More than ten years after the approval of ipilimumab, immune checkpoint inhibitors (ICIs) against PD-1 and CTLA-4 have been established as the most effective treatment for locally advanced or metastatic melanoma, achieving durable responses either as monotherapies or in combinatorial regimens. However, a considerable proportion of patients do not respond or experience early relapse, due to multiple parameters that contribute to melanoma resistance. The expression of other immune checkpoints beyond the PD-1 and CTLA-4 molecules remains a major mechanism of immune evasion.
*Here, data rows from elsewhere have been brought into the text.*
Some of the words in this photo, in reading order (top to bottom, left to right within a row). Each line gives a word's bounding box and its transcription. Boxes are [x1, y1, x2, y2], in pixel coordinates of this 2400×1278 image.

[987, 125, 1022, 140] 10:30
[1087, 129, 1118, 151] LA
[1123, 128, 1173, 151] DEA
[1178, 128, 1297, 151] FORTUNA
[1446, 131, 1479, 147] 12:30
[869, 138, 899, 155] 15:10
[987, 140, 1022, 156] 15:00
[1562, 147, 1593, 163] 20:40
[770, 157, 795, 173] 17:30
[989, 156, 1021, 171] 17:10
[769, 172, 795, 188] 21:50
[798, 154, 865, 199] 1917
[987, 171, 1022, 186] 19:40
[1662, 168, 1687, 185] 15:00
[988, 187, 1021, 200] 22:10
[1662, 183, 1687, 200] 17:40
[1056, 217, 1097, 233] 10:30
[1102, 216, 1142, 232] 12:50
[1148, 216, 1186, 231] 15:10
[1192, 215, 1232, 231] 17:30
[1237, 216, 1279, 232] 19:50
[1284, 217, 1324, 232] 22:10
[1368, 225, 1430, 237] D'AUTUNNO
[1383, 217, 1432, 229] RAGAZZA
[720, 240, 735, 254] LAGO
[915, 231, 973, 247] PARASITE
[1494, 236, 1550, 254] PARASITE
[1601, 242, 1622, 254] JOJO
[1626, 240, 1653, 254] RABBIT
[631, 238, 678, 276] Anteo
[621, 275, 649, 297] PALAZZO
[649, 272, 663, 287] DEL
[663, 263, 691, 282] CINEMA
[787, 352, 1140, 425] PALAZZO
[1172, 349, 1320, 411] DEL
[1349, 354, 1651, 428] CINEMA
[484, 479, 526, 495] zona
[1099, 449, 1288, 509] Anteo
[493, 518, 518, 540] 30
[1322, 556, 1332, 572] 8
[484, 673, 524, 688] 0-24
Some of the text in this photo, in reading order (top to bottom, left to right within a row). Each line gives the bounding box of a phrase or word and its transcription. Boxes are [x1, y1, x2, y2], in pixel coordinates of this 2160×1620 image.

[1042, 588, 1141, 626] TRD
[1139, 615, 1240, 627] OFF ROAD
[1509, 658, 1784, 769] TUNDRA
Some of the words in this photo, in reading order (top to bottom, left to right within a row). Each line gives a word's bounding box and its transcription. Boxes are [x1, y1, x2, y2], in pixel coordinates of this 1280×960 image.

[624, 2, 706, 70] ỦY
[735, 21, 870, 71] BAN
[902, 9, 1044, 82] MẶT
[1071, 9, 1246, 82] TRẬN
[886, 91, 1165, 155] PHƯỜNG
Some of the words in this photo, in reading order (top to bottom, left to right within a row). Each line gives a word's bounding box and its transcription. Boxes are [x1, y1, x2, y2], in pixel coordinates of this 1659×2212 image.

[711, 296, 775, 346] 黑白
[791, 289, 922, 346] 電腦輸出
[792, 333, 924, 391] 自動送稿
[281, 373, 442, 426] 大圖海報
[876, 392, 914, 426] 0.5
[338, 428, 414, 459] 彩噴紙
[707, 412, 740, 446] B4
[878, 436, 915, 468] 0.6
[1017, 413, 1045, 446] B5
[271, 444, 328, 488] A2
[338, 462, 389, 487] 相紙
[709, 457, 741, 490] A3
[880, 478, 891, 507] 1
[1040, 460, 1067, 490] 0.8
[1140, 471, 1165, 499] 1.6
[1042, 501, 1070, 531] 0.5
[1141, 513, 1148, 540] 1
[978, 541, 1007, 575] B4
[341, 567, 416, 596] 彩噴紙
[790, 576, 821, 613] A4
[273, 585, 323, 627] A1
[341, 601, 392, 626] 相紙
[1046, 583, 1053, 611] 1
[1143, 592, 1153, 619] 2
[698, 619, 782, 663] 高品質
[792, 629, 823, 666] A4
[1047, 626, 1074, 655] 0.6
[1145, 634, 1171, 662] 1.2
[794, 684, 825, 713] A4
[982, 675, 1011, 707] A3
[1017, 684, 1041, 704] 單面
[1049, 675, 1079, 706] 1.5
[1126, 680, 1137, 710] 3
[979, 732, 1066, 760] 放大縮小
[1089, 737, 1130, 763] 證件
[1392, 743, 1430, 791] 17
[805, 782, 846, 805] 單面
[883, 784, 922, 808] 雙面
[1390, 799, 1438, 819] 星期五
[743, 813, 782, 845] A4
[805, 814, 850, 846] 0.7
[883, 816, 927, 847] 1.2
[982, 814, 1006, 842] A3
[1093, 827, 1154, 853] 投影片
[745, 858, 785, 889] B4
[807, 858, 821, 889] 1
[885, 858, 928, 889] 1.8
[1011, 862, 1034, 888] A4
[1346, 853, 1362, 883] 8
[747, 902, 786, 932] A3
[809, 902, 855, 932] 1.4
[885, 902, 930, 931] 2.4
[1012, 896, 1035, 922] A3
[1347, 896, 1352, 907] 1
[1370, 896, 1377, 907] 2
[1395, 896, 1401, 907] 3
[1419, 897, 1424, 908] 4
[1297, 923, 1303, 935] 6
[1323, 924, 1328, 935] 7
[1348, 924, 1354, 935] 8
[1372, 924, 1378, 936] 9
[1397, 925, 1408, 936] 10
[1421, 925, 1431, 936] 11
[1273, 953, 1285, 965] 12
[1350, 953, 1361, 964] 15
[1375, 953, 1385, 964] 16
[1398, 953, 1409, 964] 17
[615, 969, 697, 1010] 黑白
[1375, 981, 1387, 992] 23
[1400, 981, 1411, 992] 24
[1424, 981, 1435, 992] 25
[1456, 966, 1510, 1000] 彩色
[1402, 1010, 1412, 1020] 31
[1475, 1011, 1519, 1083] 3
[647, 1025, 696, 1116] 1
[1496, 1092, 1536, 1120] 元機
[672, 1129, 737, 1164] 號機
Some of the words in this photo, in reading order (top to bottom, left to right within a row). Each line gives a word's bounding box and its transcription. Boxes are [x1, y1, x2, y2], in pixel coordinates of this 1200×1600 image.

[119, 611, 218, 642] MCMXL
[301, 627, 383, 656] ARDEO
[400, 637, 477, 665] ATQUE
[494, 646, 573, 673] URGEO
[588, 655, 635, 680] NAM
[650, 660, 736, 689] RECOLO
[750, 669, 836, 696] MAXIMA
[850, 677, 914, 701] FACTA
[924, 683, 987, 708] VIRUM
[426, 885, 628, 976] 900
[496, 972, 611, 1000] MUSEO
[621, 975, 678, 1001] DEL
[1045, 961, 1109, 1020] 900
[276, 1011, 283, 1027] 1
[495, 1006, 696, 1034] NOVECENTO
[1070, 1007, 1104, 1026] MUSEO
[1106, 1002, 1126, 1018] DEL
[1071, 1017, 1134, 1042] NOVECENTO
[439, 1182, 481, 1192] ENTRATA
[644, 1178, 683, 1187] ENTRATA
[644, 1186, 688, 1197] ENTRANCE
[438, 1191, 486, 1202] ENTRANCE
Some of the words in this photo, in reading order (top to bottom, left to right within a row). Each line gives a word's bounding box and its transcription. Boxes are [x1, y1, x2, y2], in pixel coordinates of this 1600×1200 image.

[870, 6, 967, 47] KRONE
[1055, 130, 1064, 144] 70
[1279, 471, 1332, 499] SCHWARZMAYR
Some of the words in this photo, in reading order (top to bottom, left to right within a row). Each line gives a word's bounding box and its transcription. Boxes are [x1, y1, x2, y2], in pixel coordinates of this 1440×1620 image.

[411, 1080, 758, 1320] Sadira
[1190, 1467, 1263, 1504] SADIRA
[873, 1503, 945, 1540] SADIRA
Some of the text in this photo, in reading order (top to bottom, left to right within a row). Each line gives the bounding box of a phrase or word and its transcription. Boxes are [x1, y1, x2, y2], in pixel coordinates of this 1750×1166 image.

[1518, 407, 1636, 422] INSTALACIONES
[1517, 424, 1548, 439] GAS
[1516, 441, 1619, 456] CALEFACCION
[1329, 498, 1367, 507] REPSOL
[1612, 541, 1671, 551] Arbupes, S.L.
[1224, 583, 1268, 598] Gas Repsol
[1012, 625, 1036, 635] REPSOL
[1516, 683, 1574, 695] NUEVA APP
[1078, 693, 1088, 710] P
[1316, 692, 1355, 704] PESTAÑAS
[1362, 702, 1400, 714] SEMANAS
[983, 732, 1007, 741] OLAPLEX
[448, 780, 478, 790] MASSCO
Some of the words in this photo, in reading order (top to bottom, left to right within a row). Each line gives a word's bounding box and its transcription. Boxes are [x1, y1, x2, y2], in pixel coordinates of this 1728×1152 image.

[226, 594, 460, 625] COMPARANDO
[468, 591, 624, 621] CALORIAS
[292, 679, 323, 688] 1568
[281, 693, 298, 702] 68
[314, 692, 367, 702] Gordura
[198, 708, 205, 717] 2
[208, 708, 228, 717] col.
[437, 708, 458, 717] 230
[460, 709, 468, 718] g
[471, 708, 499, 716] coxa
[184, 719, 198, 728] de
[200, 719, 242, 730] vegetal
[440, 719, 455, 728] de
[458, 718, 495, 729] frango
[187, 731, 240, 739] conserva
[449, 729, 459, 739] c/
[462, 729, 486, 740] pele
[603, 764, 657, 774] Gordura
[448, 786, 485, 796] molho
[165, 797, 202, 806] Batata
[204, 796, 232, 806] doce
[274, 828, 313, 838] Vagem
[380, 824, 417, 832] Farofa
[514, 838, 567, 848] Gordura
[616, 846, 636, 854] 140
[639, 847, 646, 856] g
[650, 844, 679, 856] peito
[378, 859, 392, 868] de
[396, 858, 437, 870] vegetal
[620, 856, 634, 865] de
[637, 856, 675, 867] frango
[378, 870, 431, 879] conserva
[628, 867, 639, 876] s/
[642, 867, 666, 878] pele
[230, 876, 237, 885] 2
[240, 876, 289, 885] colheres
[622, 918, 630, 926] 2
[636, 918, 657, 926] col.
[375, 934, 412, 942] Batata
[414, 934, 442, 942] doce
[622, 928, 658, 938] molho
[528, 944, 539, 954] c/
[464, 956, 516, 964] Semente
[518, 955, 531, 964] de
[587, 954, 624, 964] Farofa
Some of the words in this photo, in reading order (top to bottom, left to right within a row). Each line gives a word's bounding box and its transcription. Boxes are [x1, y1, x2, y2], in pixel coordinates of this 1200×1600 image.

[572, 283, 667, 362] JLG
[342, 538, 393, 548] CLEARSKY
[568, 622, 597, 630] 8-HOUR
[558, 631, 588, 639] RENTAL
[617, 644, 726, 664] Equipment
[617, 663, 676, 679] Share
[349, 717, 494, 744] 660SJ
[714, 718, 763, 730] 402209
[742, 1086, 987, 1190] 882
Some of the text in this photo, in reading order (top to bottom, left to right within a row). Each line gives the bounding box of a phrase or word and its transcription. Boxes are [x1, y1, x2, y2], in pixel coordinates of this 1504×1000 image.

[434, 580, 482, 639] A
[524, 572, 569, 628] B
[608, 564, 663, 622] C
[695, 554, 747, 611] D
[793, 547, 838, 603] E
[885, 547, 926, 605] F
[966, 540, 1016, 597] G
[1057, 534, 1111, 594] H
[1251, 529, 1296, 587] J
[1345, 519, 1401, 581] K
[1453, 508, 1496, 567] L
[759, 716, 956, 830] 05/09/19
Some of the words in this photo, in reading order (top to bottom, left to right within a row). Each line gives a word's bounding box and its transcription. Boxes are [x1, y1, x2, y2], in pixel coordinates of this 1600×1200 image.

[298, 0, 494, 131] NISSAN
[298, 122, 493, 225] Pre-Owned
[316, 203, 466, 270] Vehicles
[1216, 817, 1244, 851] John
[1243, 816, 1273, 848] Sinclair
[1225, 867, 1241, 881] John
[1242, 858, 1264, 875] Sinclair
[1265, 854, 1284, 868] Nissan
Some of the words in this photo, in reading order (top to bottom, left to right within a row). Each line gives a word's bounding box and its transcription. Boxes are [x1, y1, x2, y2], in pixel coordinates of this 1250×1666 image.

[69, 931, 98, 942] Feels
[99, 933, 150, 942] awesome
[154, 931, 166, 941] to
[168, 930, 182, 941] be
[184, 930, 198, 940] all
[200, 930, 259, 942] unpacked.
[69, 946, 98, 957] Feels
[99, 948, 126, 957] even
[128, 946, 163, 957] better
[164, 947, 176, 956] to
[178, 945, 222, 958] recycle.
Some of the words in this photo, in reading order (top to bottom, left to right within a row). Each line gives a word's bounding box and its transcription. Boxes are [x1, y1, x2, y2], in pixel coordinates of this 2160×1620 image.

The recent approval of anti-LAG-3 ICI, relatlimab, in combination with nivolumab for metastatic disease, has capitalized on the extensive research in the field and has highlighted the potential for further improvement of melanoma prognosis by synergistically blocking additional immune targets with new ICI-doublets, antibody–drug conjugates, or other novel modalities. Herein, we provide a comprehensive overview of presently published immune checkpoint molecules, including LAG-3, TIGIT, TIM-3, VISTA, IDO1/IDO2/TDO, CD27/CD70, CD39/73, HVEM/BTLA/CD160 and B7-H3. Beginning from their immunomodulatory properties as co-inhibitory or co-stimulatory receptors, we present all therapeutic modalities targeting these molecules that have been tested in melanoma treatment either in preclinical or clinical settings. Better understanding of the checkpoint-mediated crosstalk between melanoma and immune effector cells is essential for generating more effective strategies with augmented immune response.